The correct answer is: A. a and b.
The described method would, in general, help restrict the size of the trees. This is because the method only splits tree nodes if the resultant decrease in the sum of squares error exceeds some threshold. This means that the method will only split tree nodes if it is confident that the split will improve the model’s performance. As a result, the method will tend to produce smaller trees than other methods.
The described method also has the potential to affect the performance of the resultant regression/classification model. This is because the method may not always split tree nodes at the optimal location. As a result, the model may not always be as accurate as it could be.
The described method is not computationally infeasible. This is because the method can be implemented using a simple algorithm. The algorithm can be implemented in a variety of programming languages, such as Python, R, and Java.

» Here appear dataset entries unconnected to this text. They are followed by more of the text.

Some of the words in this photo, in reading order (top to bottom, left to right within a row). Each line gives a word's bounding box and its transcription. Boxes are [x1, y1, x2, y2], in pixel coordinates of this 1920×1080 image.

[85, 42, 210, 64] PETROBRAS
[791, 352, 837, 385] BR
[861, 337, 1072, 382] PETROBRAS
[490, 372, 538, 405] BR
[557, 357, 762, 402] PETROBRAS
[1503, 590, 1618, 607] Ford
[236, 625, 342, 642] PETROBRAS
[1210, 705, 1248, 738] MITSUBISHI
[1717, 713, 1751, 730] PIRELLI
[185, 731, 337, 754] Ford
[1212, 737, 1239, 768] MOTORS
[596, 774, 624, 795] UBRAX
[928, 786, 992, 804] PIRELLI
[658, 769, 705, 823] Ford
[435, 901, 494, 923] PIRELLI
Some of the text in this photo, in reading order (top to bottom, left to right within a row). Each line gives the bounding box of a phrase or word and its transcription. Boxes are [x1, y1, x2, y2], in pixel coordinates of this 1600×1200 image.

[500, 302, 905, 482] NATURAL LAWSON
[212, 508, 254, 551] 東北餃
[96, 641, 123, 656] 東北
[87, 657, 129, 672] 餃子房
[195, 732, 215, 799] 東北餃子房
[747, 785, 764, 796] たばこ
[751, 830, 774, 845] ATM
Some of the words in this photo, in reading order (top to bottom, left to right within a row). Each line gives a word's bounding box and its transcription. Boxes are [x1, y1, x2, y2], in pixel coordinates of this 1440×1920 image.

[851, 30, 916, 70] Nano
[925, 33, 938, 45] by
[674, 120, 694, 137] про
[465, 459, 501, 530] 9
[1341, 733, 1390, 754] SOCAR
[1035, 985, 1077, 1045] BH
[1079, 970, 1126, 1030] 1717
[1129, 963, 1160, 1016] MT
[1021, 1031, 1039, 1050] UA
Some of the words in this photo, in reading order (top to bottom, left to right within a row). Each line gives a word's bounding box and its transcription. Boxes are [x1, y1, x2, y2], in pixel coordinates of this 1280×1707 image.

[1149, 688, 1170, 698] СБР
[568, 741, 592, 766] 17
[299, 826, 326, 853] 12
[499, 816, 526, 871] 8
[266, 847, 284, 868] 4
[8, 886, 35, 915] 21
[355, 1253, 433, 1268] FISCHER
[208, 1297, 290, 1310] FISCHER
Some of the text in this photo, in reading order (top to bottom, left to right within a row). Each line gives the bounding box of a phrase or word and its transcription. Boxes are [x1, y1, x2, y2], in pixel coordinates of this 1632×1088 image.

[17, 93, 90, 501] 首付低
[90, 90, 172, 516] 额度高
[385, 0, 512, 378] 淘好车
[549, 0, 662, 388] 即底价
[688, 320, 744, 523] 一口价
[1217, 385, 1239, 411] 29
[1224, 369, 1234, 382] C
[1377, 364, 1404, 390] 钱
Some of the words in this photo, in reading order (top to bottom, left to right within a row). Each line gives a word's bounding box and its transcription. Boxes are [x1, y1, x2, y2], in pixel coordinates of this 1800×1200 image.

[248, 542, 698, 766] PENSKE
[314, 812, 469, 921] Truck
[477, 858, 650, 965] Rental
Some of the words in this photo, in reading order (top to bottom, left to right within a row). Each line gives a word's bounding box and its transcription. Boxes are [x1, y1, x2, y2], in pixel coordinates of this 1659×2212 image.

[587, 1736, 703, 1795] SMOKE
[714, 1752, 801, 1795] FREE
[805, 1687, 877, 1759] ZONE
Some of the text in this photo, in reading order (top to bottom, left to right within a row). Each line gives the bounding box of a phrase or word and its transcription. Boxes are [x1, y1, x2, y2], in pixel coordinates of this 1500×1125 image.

Here is a more detailed explanation of each option:
- Option a: It would, in general, help restrict the size of the trees. This is because the method only splits tree nodes if the resultant decrease in the sum of squares error exceeds some threshold. This means that the method will only split tree nodes if it is confident that the split will improve the model’s performance. As a result, the method will tend to produce smaller trees than other methods.
- Option b: It has the potential to affect the performance of the resultant regression/classification model. This is because the method may not always split tree nodes at the optimal location. As a result, the model may not always be as accurate as it could be.
- Option c: It is computationally infeasible. This is not true. The described method can be implemented using a simple algorithm. The algorithm can be implemented in a variety of programming languages, such as Python, R, and Java.